**What to produce**
All of the data should be repeated exactly; pictures are not part of the copy.

**Source material**
============================================================

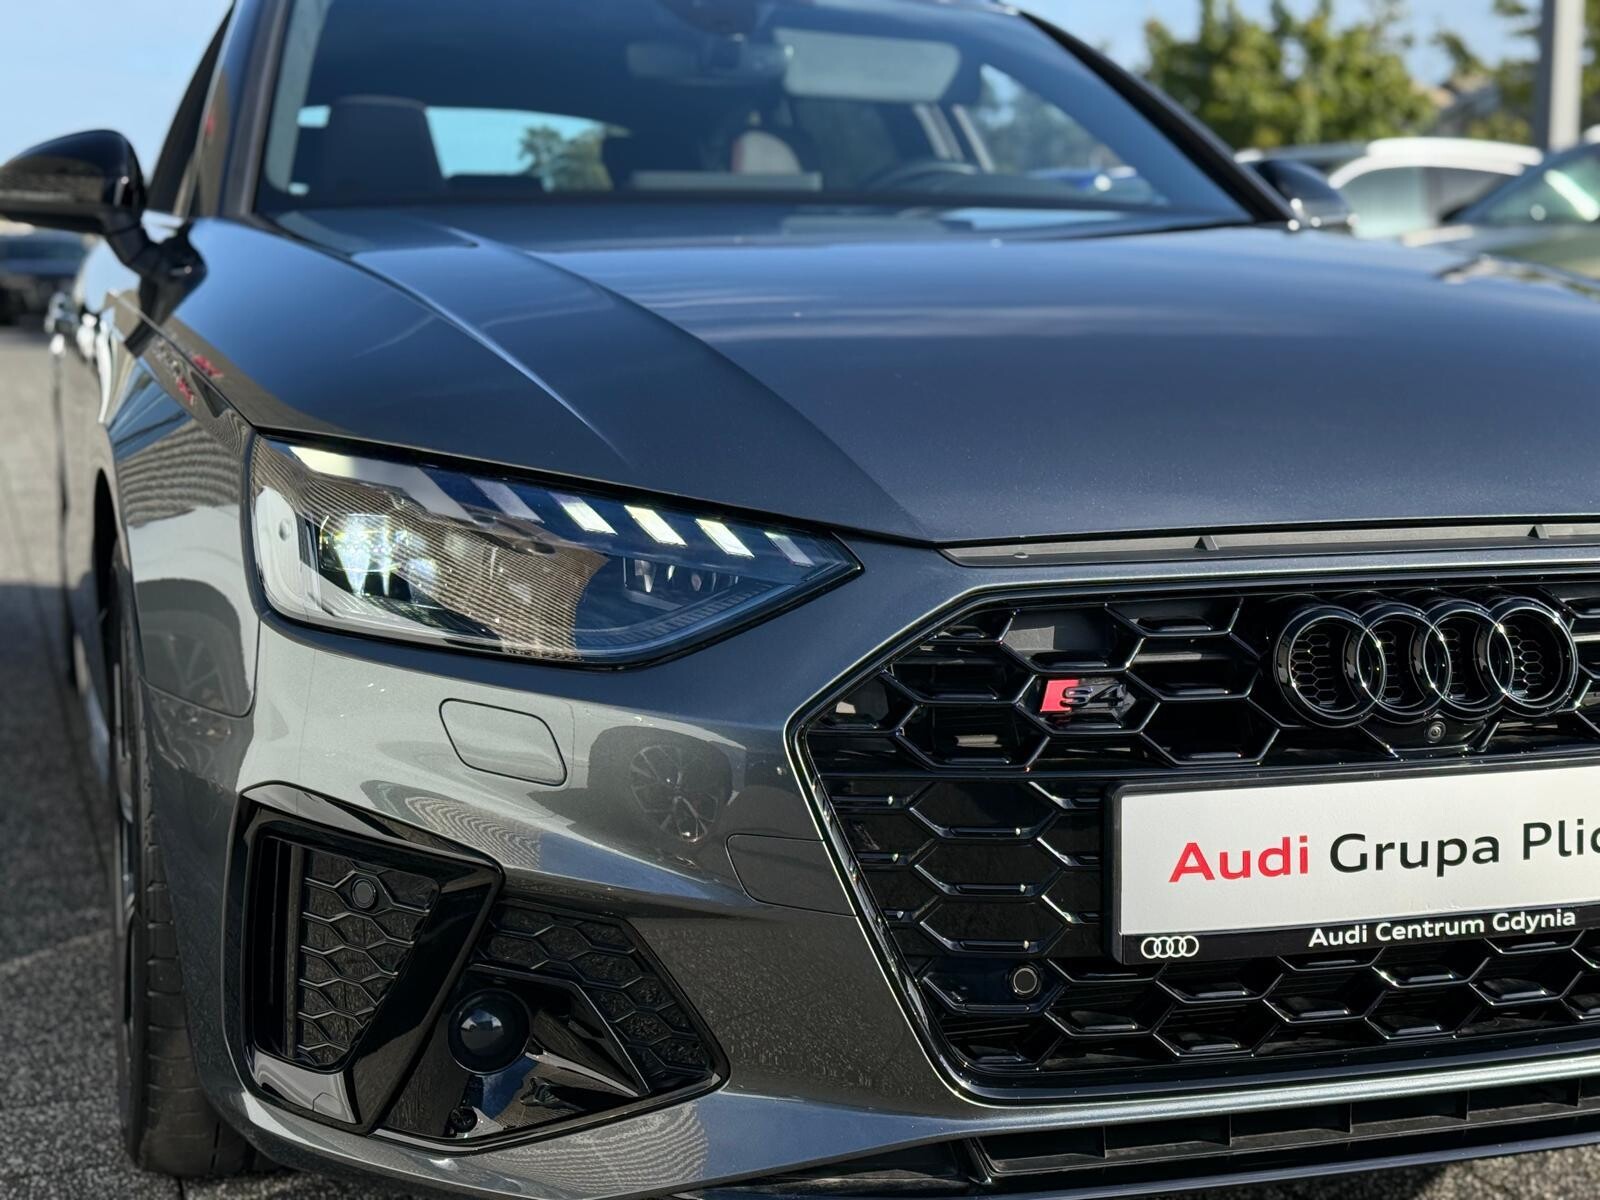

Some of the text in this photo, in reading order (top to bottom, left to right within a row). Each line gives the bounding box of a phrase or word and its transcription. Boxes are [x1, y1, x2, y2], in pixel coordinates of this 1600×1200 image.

[1057, 681, 1130, 710] S4
[1169, 835, 1309, 883] Audi
[1330, 833, 1500, 878] Grupa
[1308, 909, 1577, 948] Audi Centrum Gdynia
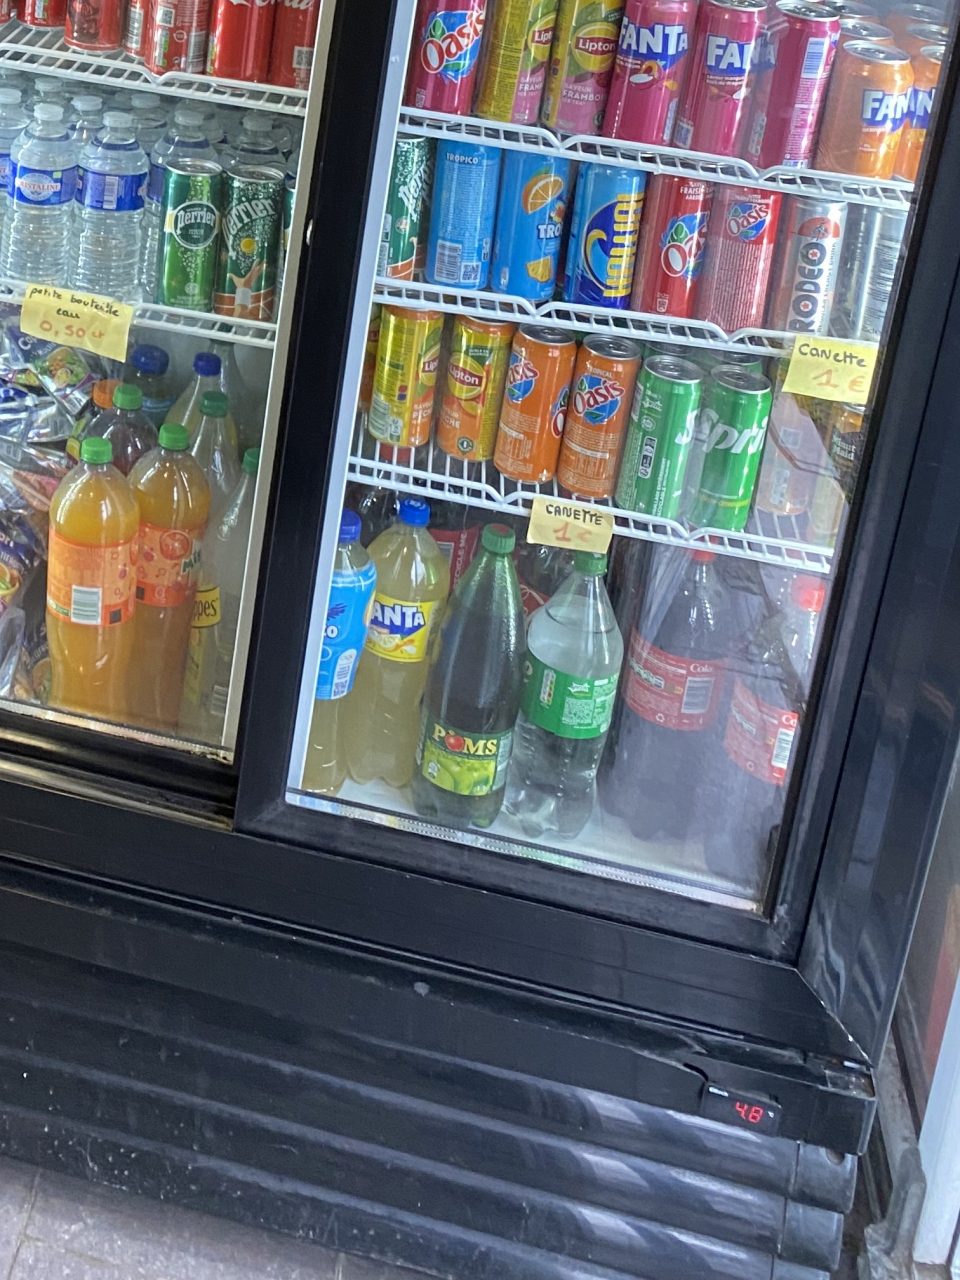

============================================================

**Response**
Some of the text in this photo, in reading order (top to bottom, left to right within a row). Each line gives the bounding box of a phrase or word and its transcription. Boxes are [x1, y1, x2, y2], in pixel coordinates of this 1600×1200 image.

[1057, 681, 1130, 710] S4
[1169, 835, 1309, 883] Audi
[1330, 833, 1500, 878] Grupa
[1308, 909, 1577, 948] Audi Centrum Gdynia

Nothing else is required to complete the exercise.